> _Material for this task_:
"""
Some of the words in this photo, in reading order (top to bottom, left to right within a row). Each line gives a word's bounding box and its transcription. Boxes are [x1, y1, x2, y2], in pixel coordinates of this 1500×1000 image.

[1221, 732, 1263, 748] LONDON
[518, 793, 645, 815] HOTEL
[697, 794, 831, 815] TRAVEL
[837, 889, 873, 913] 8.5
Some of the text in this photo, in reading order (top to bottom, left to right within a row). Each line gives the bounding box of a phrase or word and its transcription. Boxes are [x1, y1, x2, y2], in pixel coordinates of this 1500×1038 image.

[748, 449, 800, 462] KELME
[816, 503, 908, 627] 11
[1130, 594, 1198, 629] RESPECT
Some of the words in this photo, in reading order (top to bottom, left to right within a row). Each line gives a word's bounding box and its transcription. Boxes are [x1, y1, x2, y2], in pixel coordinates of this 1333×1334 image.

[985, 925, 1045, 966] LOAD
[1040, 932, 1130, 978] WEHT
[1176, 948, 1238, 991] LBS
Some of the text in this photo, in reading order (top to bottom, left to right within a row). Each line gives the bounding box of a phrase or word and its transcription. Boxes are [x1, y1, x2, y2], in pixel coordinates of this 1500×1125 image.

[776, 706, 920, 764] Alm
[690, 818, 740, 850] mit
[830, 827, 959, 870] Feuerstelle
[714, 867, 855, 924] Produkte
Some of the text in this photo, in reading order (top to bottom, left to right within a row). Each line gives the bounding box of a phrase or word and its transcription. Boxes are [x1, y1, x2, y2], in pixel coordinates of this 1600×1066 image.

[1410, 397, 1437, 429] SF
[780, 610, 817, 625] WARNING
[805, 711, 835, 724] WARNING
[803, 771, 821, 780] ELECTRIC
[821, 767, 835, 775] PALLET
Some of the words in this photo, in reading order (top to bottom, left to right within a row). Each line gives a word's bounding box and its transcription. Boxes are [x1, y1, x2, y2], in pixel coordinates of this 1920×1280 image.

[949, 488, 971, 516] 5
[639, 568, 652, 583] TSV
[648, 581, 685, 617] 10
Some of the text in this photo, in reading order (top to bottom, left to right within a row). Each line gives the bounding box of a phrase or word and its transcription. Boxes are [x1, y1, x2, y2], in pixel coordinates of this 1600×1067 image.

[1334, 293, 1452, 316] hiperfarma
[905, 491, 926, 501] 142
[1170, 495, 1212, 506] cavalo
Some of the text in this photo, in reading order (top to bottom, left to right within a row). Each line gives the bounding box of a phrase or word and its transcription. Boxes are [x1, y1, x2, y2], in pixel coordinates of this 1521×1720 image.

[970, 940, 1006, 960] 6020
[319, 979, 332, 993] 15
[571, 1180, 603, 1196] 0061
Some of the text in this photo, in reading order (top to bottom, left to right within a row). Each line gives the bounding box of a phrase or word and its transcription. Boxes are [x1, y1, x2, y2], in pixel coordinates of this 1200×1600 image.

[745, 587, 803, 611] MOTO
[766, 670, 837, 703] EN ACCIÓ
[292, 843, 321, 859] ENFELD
"""
> _What to do_:
Repeat the records above in full, character for character.

> _Solution for this exercise_:
Some of the words in this photo, in reading order (top to bottom, left to right within a row). Each line gives a word's bounding box and its transcription. Boxes are [x1, y1, x2, y2], in pixel coordinates of this 1500×1000 image.

[1221, 732, 1263, 748] LONDON
[518, 793, 645, 815] HOTEL
[697, 794, 831, 815] TRAVEL
[837, 889, 873, 913] 8.5
Some of the text in this photo, in reading order (top to bottom, left to right within a row). Each line gives the bounding box of a phrase or word and its transcription. Boxes are [x1, y1, x2, y2], in pixel coordinates of this 1500×1038 image.

[748, 449, 800, 462] KELME
[816, 503, 908, 627] 11
[1130, 594, 1198, 629] RESPECT
Some of the words in this photo, in reading order (top to bottom, left to right within a row). Each line gives a word's bounding box and its transcription. Boxes are [x1, y1, x2, y2], in pixel coordinates of this 1333×1334 image.

[985, 925, 1045, 966] LOAD
[1040, 932, 1130, 978] WEHT
[1176, 948, 1238, 991] LBS
Some of the text in this photo, in reading order (top to bottom, left to right within a row). Each line gives the bounding box of a phrase or word and its transcription. Boxes are [x1, y1, x2, y2], in pixel coordinates of this 1500×1125 image.

[776, 706, 920, 764] Alm
[690, 818, 740, 850] mit
[830, 827, 959, 870] Feuerstelle
[714, 867, 855, 924] Produkte
Some of the text in this photo, in reading order (top to bottom, left to right within a row). Each line gives the bounding box of a phrase or word and its transcription. Boxes are [x1, y1, x2, y2], in pixel coordinates of this 1600×1066 image.

[1410, 397, 1437, 429] SF
[780, 610, 817, 625] WARNING
[805, 711, 835, 724] WARNING
[803, 771, 821, 780] ELECTRIC
[821, 767, 835, 775] PALLET
Some of the words in this photo, in reading order (top to bottom, left to right within a row). Each line gives a word's bounding box and its transcription. Boxes are [x1, y1, x2, y2], in pixel coordinates of this 1920×1280 image.

[949, 488, 971, 516] 5
[639, 568, 652, 583] TSV
[648, 581, 685, 617] 10
Some of the text in this photo, in reading order (top to bottom, left to right within a row). Each line gives the bounding box of a phrase or word and its transcription. Boxes are [x1, y1, x2, y2], in pixel coordinates of this 1600×1067 image.

[1334, 293, 1452, 316] hiperfarma
[905, 491, 926, 501] 142
[1170, 495, 1212, 506] cavalo
Some of the text in this photo, in reading order (top to bottom, left to right within a row). Each line gives the bounding box of a phrase or word and its transcription. Boxes are [x1, y1, x2, y2], in pixel coordinates of this 1521×1720 image.

[970, 940, 1006, 960] 6020
[319, 979, 332, 993] 15
[571, 1180, 603, 1196] 0061
Some of the text in this photo, in reading order (top to bottom, left to right within a row). Each line gives the bounding box of a phrase or word and its transcription. Boxes are [x1, y1, x2, y2], in pixel coordinates of this 1200×1600 image.

[745, 587, 803, 611] MOTO
[766, 670, 837, 703] EN ACCIÓ
[292, 843, 321, 859] ENFELD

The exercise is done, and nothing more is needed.